By: Sr. Aquila Sy, PVM

Last summer in London, I met up a woman from China. She was studying English while I was attending a meeting of my congregation. We become friends. After much the effort to understand each other’s accent, we came to know something about each other. Her home was back in China. She lived there with her husband, her two children and her mother-in-law.

In a small bedroom house, they have the small stove and a small television and a bicycle each for her and her fourteen year old son. She was very appreciative of the good life in England and of the hospitality of the people she came to know. But at the same time, she was deeply aware of the high number crimes and the corrupt morality of the many people. She confided in me that she had never heard of God before, but she had found that believers in God were all good people. She encouraged me to visit China on my way home.

Eventually, I did succeed in visiting China. It was not too difficult. Inquiring about the trips to china and trying to decide whether to join the tour or to venture it alone were more complicated than actually getting my visa and locating my father’s place in China.

We reached the house of my uncle first, my father’s only brother. Upon being told to me, he looked dumbfounded. He was 79 years old but still healthy looking, but hard of hearing. He was in the Philippines with my father until 1933, when he decide to return China at the aged of 26.

He talked to me in Cebuano and asked the people he used to know. His own trade was making irons grills with his son and grandson. He was living in one of the units in a huge and high building.

After all the exchange of information, we went next door to meet my other closest relatives. There we talked again about the family, reviewed letters they received many years ago about my family in the Philippines and showed me photographs of my father as a boy and a young man.

There was much emotion shown by this family, especially by one of them, who is the vice- chairman of the country. He was very concerned of my family in the Philippines since my father’s death.

Both homes of my relatives were limited in space but some of few things spoke of quality and even of beauty, like the embroidered table covers, beautiful tea set and a large red bed with golden Chinese characters.

The following morning, my relative brought me to the house of my own father. Only the walls and the part of the roof-all made of brickwork-remained of the house. It was not far from where I met my first relative the day before. We went back to my great grandfather’s house to photograph it and the box-like container of the tablets showing the names of the deceased members of the family. That container was on the table, lighted and in a place of honor at the front of the living room.

We visited the tombs of my grandparents and great grandparents, which were in the same field. I presume that the field once belonged to my father’s family, because the tombs were there. While we were there, various persons who were working in the field came over to us and asked me about their own relatives in Cebu, a number of whom I knew well, since they were all my relatives too! 

Before leaving China, I went to my friends and all those who helped in one way or another, to thank them. My friend, Li-na said that she was very happy to have become a friend of mine. She shared with me about her family. She is 21 years old and has a sister and a brother, and all three of them, together with her parents, have work. Li-na is preparing to be married on November 1st to a young man who works as a driver. We exchanged our small dictionaries as souvenirs.

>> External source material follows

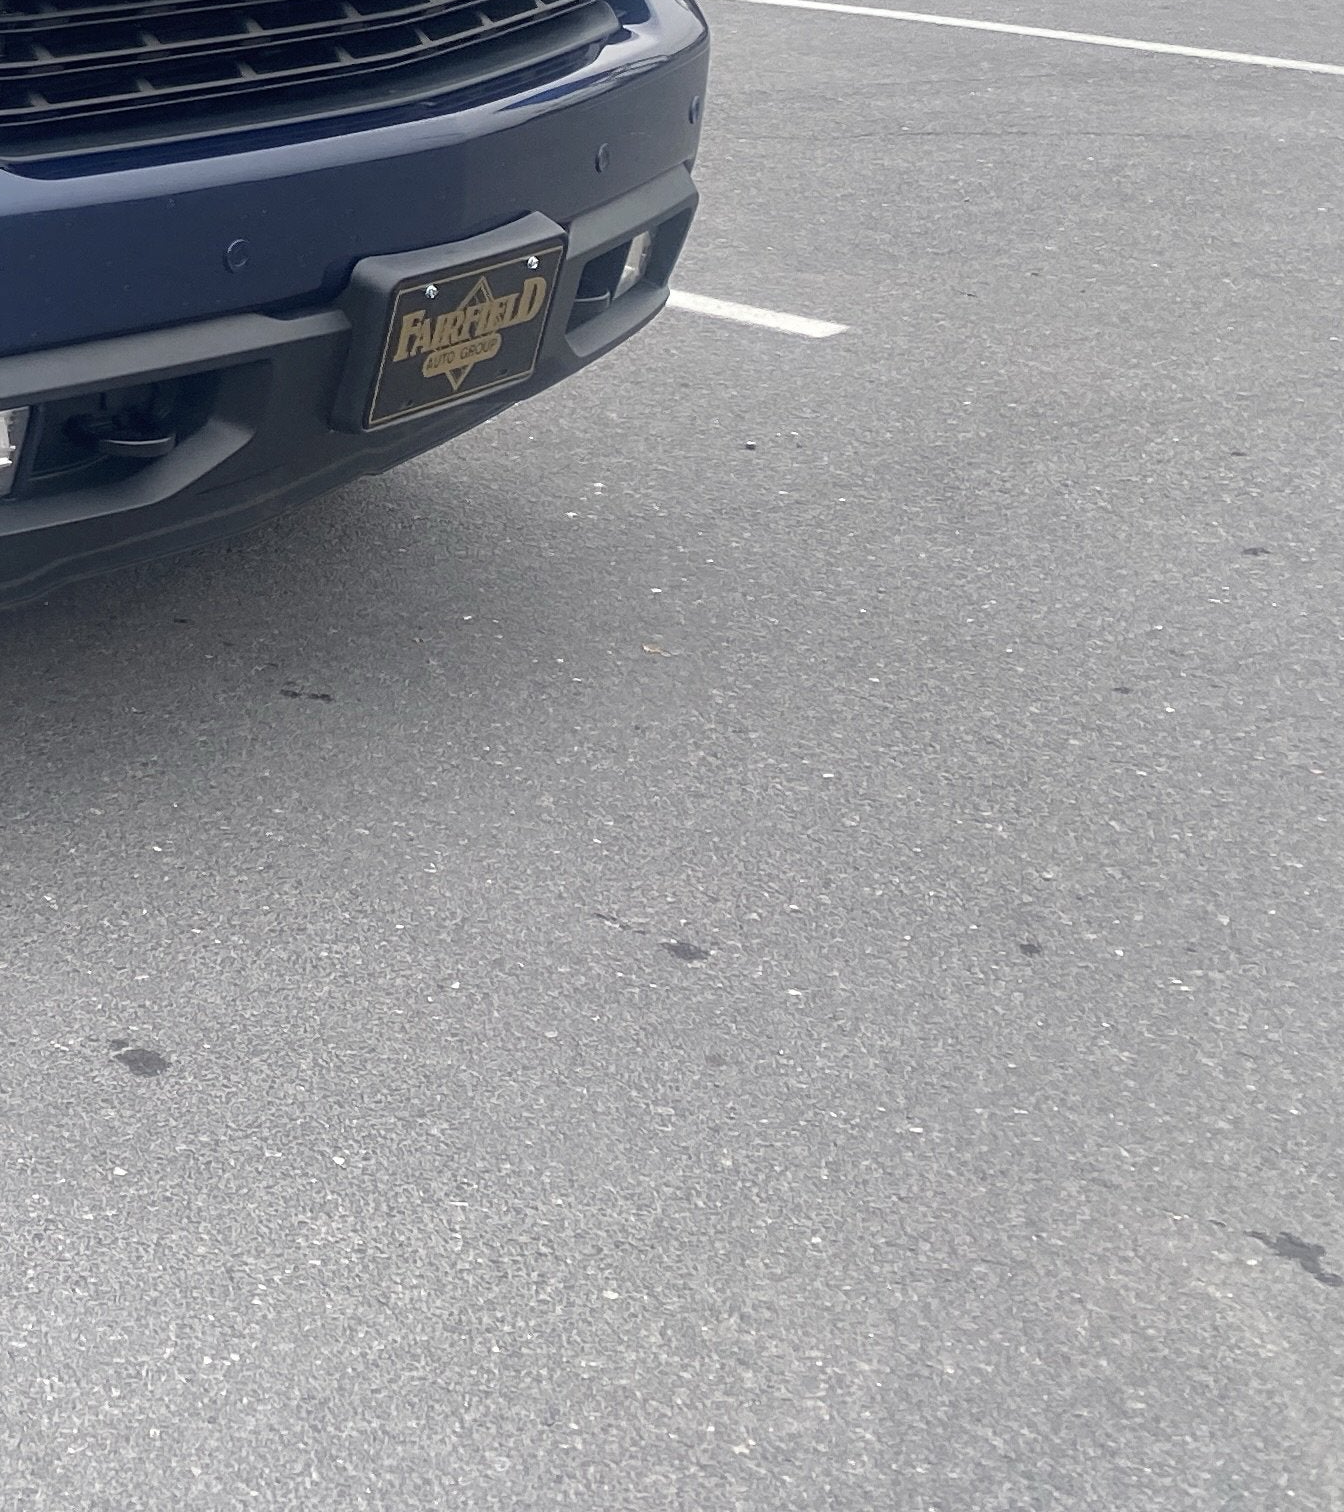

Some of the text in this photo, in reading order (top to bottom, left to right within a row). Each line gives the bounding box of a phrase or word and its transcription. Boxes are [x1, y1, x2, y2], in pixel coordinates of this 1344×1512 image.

[392, 276, 548, 363] FAIRFIELD
[425, 337, 499, 370] AUTO GROUP

During my visit, my guide, ShoaPing and I shared a lot about each other. She asked me about my life, my family and my career. I described my religious life to her as simply as I could, and I showed her my Presentation cross, which I was wearing. She said that she like my congregation and perhaps could become a member.

She felt that all the people we asked for help were eager to assist us because they were so touched that a woman should be looking for the roots of her family when normally, among the Chinese, it is the man who does this.

I was touched by this young woman’s sincerity and dedication to her job.

Even now, the humanity, friendliness and natural simplicity of the Chinese, as I observed them in China, still live in my memory. Their neighborliness to one another and their response to me as a stranger reminded of the rural Philippines. I admired the simplicity, the informality and even the starkness found in the government offices that I saw, since it was in keeping with the condition of the people’s home.

My four day visit has left me with many valuable memories. It has also deepened my awareness of our Asian values and characteristics.

When my relative hear how and why I found them, I was struck by two of their remarks, which have given me much food for reflection:

FIRST, my relatives assured me of the endurance of a blood relationship. For them and for me, it is a bond which outlives time change and revolutions instinctively drawing together kindred, even in the absence of communication and…

SECONDLY, my relatives associated Christianity with a deeper intuition. For me, this was very significant, since Chinese thinking said to be intuitive. And coming from the people who once rejected Christianity because of its Western inculturation, these remarks were for me both complement and a challenge to my own Christianity as an Asian. 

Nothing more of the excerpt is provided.